Edit: So far, a completely different workflow will take some getting used to. I’m fairly easily able to get better results from the negatives I’ve digitized so far than I ever was able to get with dt’s invert module + whitebalance-after-invert (doing WB-before-invert took a little getting used to…)

I think I’ll be good once I figure out rotations more than +/-45 degrees… Time to RTFM. :slight_smile:

Edit 2: Works great on some of my negatives, but on a few others, no matter what I do there’s a green color cast due to the “black” level of the image being way off no matter what I pick in the black-after-inversion areas.
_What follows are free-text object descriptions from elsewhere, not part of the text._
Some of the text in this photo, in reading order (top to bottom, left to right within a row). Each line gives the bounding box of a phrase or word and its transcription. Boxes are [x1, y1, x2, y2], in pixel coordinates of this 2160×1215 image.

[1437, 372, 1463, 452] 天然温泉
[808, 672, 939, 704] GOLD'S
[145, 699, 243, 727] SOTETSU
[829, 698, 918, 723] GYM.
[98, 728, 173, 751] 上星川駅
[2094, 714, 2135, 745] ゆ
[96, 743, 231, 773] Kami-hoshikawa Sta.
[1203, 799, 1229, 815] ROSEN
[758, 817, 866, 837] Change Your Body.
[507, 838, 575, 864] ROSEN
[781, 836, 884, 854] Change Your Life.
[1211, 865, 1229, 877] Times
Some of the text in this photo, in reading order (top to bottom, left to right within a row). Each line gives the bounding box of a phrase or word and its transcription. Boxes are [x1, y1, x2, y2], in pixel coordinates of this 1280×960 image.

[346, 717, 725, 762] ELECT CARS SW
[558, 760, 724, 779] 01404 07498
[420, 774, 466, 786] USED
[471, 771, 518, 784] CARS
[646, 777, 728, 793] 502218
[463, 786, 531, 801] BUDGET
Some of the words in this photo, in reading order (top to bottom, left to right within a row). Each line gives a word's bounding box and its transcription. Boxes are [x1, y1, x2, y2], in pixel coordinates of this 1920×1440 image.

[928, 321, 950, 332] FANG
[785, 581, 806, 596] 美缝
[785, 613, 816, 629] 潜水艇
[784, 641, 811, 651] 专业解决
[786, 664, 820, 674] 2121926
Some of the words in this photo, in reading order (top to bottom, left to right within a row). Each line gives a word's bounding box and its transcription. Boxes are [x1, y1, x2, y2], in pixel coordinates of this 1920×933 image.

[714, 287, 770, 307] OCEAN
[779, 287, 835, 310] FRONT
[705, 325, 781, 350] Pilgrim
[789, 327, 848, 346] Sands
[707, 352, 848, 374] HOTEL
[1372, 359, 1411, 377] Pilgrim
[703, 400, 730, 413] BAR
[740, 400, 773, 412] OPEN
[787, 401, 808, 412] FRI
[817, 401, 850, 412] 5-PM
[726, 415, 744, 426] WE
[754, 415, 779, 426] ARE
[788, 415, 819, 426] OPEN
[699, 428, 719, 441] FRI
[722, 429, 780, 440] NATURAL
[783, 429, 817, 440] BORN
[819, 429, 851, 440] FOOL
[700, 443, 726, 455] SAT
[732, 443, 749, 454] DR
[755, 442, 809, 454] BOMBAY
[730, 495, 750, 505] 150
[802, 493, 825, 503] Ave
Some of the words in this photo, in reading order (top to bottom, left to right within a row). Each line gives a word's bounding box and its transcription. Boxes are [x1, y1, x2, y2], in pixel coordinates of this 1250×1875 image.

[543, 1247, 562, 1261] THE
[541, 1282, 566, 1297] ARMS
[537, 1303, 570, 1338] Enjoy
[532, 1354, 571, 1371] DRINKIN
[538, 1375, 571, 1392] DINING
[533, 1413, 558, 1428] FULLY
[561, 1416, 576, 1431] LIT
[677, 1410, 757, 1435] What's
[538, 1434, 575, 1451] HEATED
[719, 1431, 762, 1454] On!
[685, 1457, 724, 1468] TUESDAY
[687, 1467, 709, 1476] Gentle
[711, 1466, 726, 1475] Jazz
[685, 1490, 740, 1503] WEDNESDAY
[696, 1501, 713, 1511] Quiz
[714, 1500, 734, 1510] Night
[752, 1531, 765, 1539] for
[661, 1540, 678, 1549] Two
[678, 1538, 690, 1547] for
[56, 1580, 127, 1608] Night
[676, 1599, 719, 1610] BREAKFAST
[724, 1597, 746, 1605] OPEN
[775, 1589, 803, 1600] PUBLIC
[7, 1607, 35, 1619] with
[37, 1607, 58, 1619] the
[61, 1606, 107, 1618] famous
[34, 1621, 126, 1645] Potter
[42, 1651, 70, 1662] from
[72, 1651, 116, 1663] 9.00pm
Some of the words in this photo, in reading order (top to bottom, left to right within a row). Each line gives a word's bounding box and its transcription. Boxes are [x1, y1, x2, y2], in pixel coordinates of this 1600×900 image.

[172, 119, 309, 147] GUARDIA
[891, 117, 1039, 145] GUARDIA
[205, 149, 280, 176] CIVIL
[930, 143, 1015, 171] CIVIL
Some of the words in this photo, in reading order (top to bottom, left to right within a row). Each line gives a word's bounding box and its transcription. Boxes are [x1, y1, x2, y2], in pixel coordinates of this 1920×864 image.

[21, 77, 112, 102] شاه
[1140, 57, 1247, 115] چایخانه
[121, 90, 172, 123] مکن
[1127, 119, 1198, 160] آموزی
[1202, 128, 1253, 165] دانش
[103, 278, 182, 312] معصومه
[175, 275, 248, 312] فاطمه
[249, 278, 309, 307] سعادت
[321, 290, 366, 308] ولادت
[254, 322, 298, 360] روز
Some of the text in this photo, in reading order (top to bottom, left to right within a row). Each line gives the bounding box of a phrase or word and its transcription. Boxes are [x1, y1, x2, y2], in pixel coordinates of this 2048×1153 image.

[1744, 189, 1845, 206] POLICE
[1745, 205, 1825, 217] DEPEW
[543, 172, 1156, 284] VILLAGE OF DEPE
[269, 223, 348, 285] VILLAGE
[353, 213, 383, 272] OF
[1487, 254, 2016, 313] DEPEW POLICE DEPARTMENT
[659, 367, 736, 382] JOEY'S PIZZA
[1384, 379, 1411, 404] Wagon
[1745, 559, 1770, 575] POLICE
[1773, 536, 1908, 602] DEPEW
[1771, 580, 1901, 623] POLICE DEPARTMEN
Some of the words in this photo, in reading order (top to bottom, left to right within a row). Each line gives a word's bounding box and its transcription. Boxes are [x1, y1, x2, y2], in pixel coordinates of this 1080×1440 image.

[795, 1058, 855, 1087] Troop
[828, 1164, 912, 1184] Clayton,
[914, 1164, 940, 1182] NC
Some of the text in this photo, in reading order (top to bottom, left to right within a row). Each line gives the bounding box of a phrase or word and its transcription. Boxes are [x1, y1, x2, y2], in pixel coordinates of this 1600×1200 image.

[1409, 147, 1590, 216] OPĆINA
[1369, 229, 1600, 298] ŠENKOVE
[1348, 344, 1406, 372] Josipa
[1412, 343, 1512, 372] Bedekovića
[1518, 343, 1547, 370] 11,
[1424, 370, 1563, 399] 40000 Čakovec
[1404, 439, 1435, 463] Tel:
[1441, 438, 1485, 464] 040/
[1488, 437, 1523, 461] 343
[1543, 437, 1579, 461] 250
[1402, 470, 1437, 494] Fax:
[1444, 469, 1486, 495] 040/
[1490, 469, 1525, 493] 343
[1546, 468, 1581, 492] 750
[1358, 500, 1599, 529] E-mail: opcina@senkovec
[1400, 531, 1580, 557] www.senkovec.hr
1: weird, i’ve just tried the same gmic code copied from the post, run this exact command line:

$ gmic DSC06072.JPG -m ~/Pictures/filmneg.gmic -film_neg

… and it works for me. I’m uging G’MIC version 2.5.7 on Linux.
Is the error message complaining about the first -fill (line 3), or the second one (line 9) ?

2: glad to hear that, thanks! :slight_smile:

3: you mean artifacts like this?

This is normal, i can’t do very much about it. I think the problem is that the exponents are applied before demosaicing. High exponents can cause clipping and produce huge deltas between adjacent pixel values, and this will create demosaic artifacts.
If this is your case, you might solve the problem simply by lowering the reference exponent, and then increasing contrast via the usual RT controls in the “Exposure” tool panel (Contrast, Tone Curves, etc), which are applied after demosaic.
Maybe the “contrast” label is a bit confusing: changing the reference exponent has the effect of changing the image contrast, but it’s not a substitute for the usual contrast controls; it should be used just to optimize the input range, so that the picture is easier to work with (and you don’t have to crank up the contrast to 100 when you deal with an old, faint neg).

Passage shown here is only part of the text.